Diversity is an essential tenet of modern society, and a key part of the Royal Society’s mission to recognise, promote and support increased excellence in science, technology, engineering and mathematics.
This is because a diverse and inclusive scientific workforce draws from the widest range of backgrounds, perspectives and experiences, thereby maximising innovation and creativity in science for the benefit of humanity.
This extract from the Diversity Strategy of the Royal Society 2015 has inspired the work of the Diversity Committee, which I have had the privilege to chair over the last three years.
It has been an exciting time and I am particularly pleased to see the success of two projects – an animation and guidance raising awareness of unconscious bias, and another aiming to improve group decision-making. Both derived from a review of empirical evidence and resulted in practical guidelines accompanied by short animations. We are all now familiar with the idea that we spontaneously process information using shortcuts, known as unconscious biases. They allow us to make “quick and dirty” decisions. Sadly, being aware of biases is not the same as overcoming them, but awareness is a good thing. For example, it can be liberating to see through one’s own craving to fit in with the likes and dislikes of one’s in-group, even if the desire to conform prevails.
The key to making better decisions turns out to be diversity. By drawing on the widest possible range of experience, expertise and perspectives, diversity acts as a driver to finding scientific and technical solutions to problems for the benefit all of mankind. I am delighted that the Royal Society is committed to continue to promote diversity and inclusion. However, there is work ahead on overcoming some serious obstacles. One obstacle is managing communication across cultural divides, another is managing conflict between groups with strong tribal allegiance. Communication is a highly complex skill. Unless we come from the same background, we often don’t understand what others mean since the same word can often mean very different things. Negotiating with members of an ‘out-group’ is easier if they can be redefined as part of your ‘in group.’ But, herein lies a new challenge: The advantages of diversity depend on the ability to maintain some differences.
In the last three years, the diversity team has carried out some remarkable projects. For instance, the Parent Carer Scientist series presents role models in a variety of different ways, showing there are many different paths and varied life histories in science today, and there are more interesting case studies in the series, I wasn’t always a scientist.
The Society has also continued to rehang portraits to present a more modern and more diverse face to visitors to the Royal Society. It organises the annual diversity conference, and awards the Royal Society Athena Prize to recognise and promote exceptional commitment to diversity. There is also the fascinating Career Tracker study that tells the stories of recipients of Research Fellowships, some of whom from as far back as the 1980s when the programme was first started.

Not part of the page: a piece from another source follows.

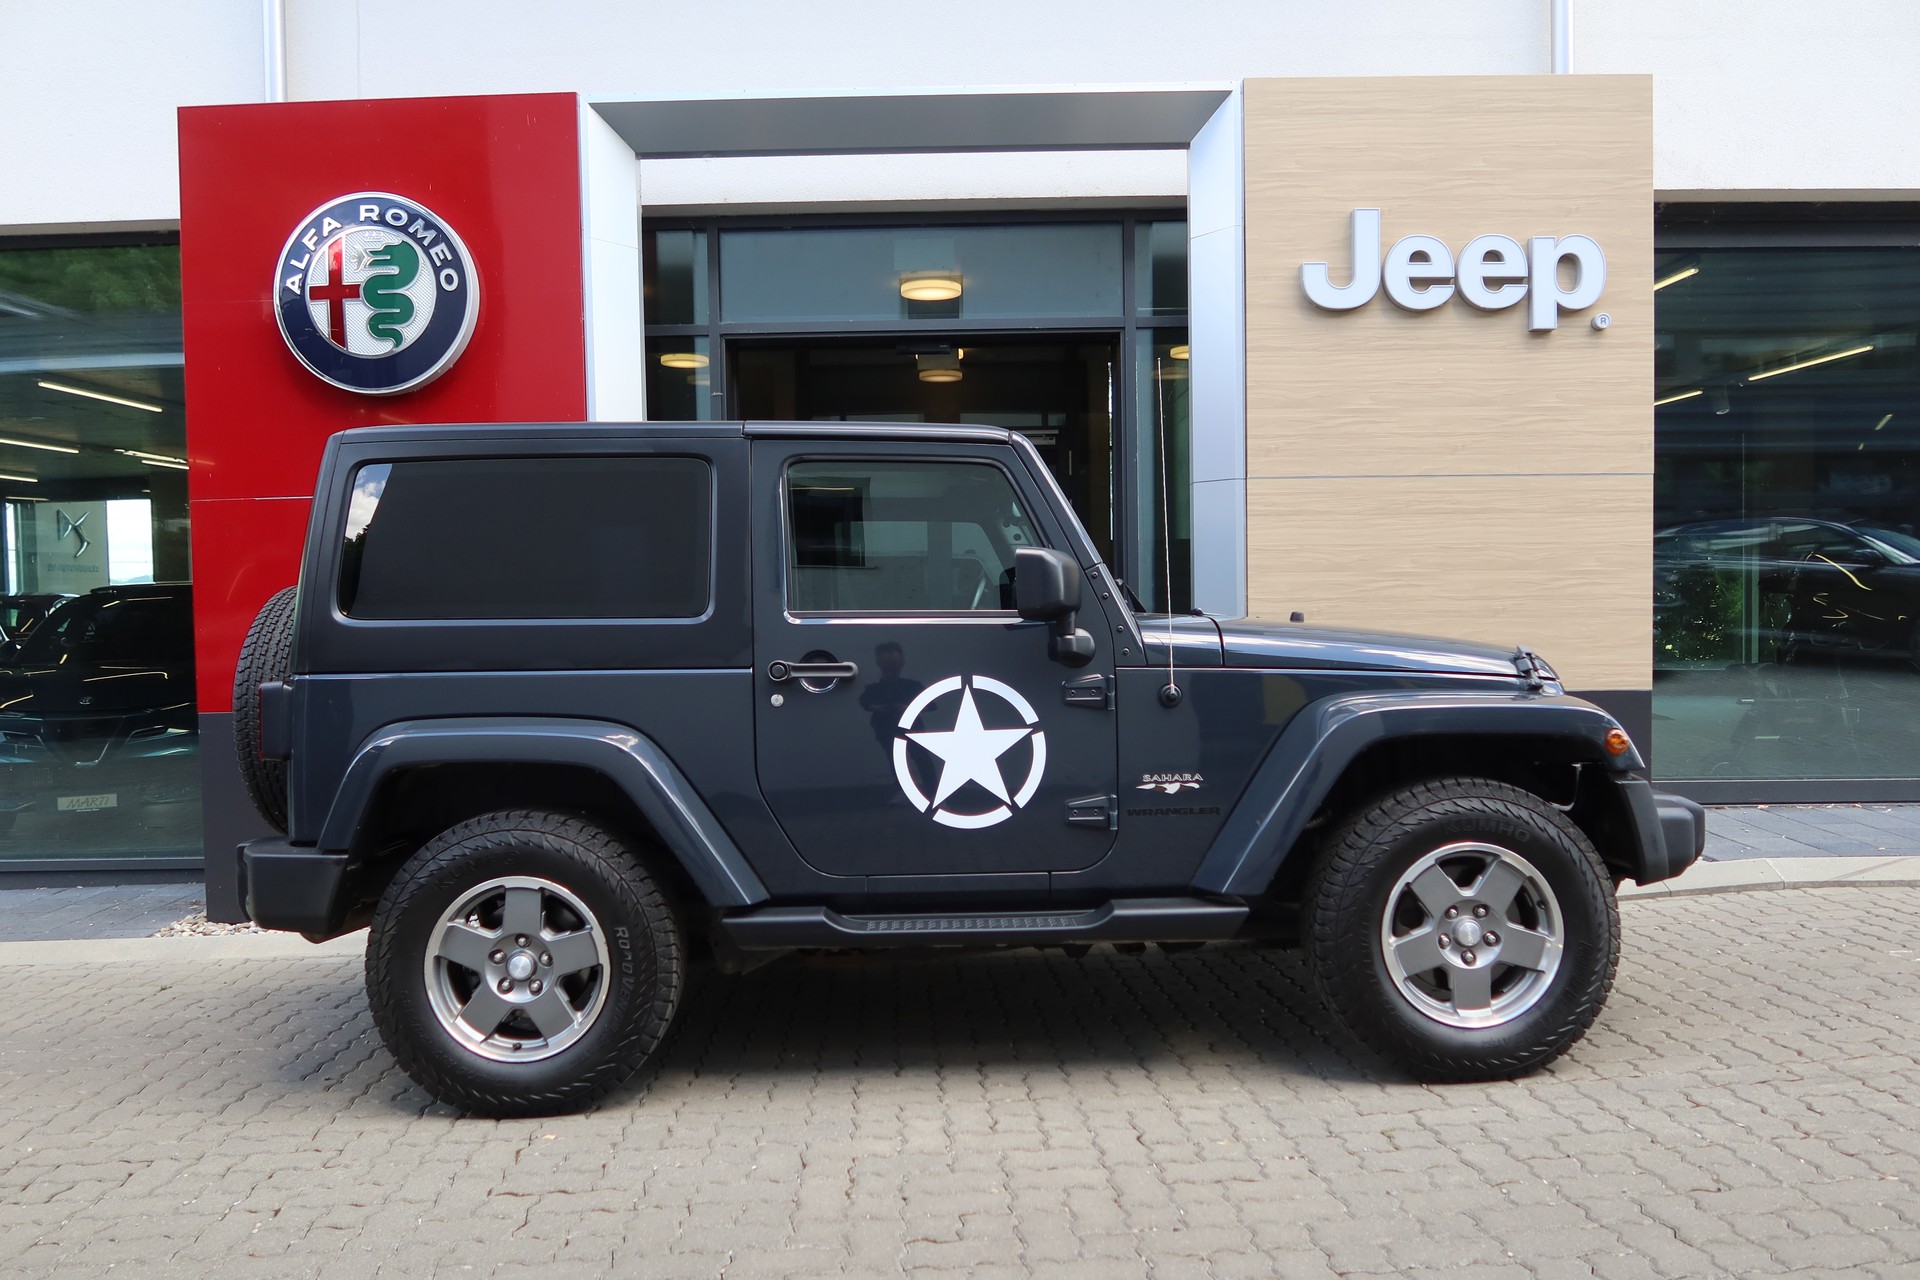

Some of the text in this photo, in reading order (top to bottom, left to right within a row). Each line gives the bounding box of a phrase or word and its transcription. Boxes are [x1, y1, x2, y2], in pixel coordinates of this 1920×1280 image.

Every year a data report is published, showing the demographic composition of individuals who make up, and work at, the Royal Society and attend its functions, including the Fellowship, grant recipients, committees, authors, editors, conference speakers and audiences. This report is a valuable instrument to show the state of affairs as well as any changes over time. For example, the report shows us that 9% of the Fellowship are women (including Foreign Members). However, the report also shows us the period from 2008 to 2017, 15% of Fellows elected were women, and that in the last 5 years, 2013 to 2017, 20% of Fellows elected were women. By comparison, in the ten year period before that, from 1998 – 2007, 10% of Fellows elected were women. It is gratifying to see a doubling of this proportion since then. However, women are only one of the underrepresented communities that concern the Diversity Committee. One particularly exciting project, now in the third year of its pilot, is a mentoring programme in conjunction with the Windsor Fellowship, for Black secondary school students intending to study a STEM subject at A Level. A new cohort has been starting each year and we are immensely grateful to the Research Fellows who volunteer as mentors to guide the students into the scientific careers they desire.
Much work remains to be done to maintain a culture within the Society that encourages and promotes diversity and inclusion. As my term has come to an end, I want to say how proud I am of the work done by the Committee and by the Royal Society’s diversity team. I am delighted that my successor, Professor Veronica van Heyningen FRS will lead on fresh initiatives that will strengthen the Society’s resolve to “create an environment where anyone who is considering a career in science is encouraged, supported, welcomed and has an equal chance to excel.”
In this endeavour I wish every success to the members of the Diversity Committee, to its new Chair, and the dedicated staff of the Royal Society diversity team.